In contrast, the Philosophical Investigations sees philosophy (conceives the project of philosophy) differently: philosophical theorizing shows only that the logic = semantic grammar of our language is misunderstood -- as Wittgenstein now defines 'meaning'. The theories we thought we were constructing were no more than "houses of cards" (PI § 118), and the only task left for philosophy is to show why this is so. "Philosophical investigations = conceptual investigations" (Z § 458), i.e. not the investigation of phenomena (speculation), but of the use of words in the language (grammar).
"What makes you think that a grammatical joke is deep?" (PI § 111)
She struggled with these questions as a Zen novice does with a koan. The latter is a seeming contradiction or impossibility, given by the Zen master so that the novice "tastes" the limitation of the rationalizing mind.
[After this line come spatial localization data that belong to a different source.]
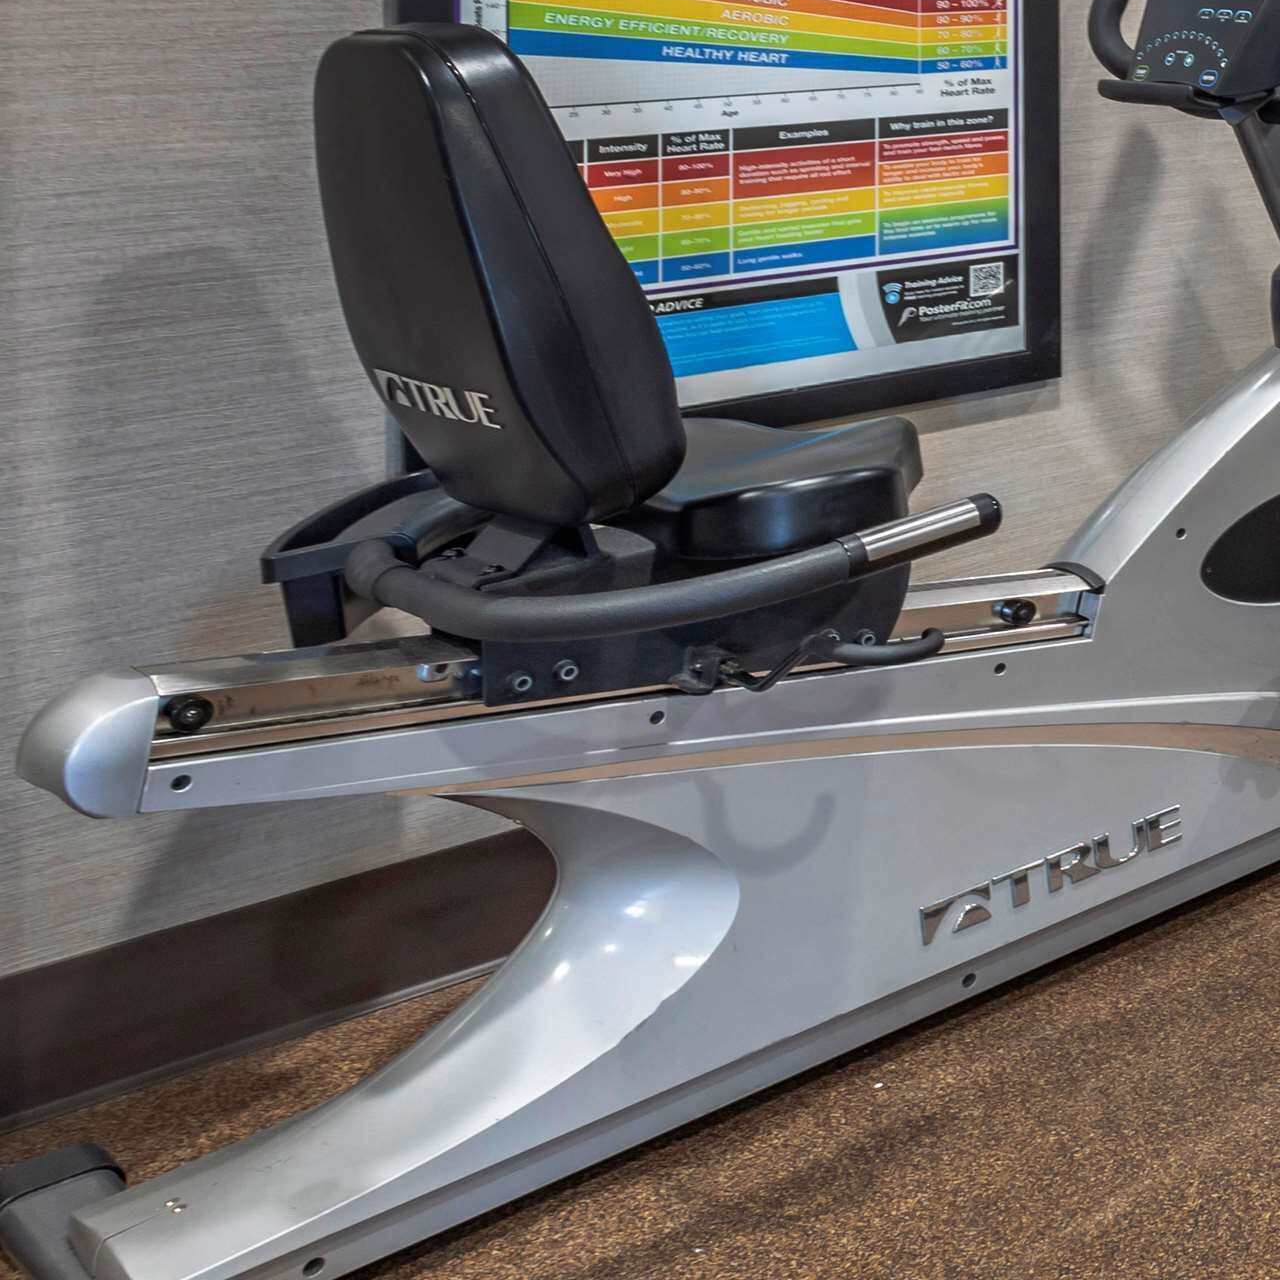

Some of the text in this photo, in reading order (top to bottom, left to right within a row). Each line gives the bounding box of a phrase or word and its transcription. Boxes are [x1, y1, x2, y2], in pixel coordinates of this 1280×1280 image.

[720, 10, 789, 26] AEROBIC
[544, 12, 789, 44] ENERGY EFFICIENT/RECOVERY
[661, 45, 789, 64] HEALTHY HEART
[958, 78, 968, 86] of
[971, 77, 992, 85] Max
[940, 87, 996, 97] Heart Rate
[721, 110, 739, 118] Age
[889, 122, 912, 131] Why
[912, 120, 935, 129] train
[947, 118, 964, 126] this
[965, 115, 994, 125] zone?
[670, 133, 722, 144] % of Max
[778, 129, 829, 139] Examples
[599, 143, 649, 154] Intensity
[666, 142, 725, 153] Heart Rate
[904, 276, 964, 289] Training Advice
[655, 298, 704, 313] ADVICE
[400, 376, 501, 429] TRUE
[991, 804, 1183, 909] TRUE
A koan might be: "Picture your face before you were born." The novice is led to see the inadequacy of the human mind and the need of the Absolute -- which can only be experienced by the "heart", not grasped by the mind. (Paul Glynn, The Smile of a Ragpicker: the life of Satoko Kitahara (1992), ii, 20)
That is an example of what Wittgenstein calls "metaphysics" (whereas it is only a subset of metaphysics) -- i.e. of word-magic, namely assuming that every combination of words must have a meaning (as false analogies may suggest, e.g. that since you can picture your face before you were married, you can also picture your face before you existed). But the only "limitation of the rationalizing mind" here is the distinction between sense and nonsense (God himself can't understand nonsense -- i.e. undefined combinations of words -- because there nothing to understand).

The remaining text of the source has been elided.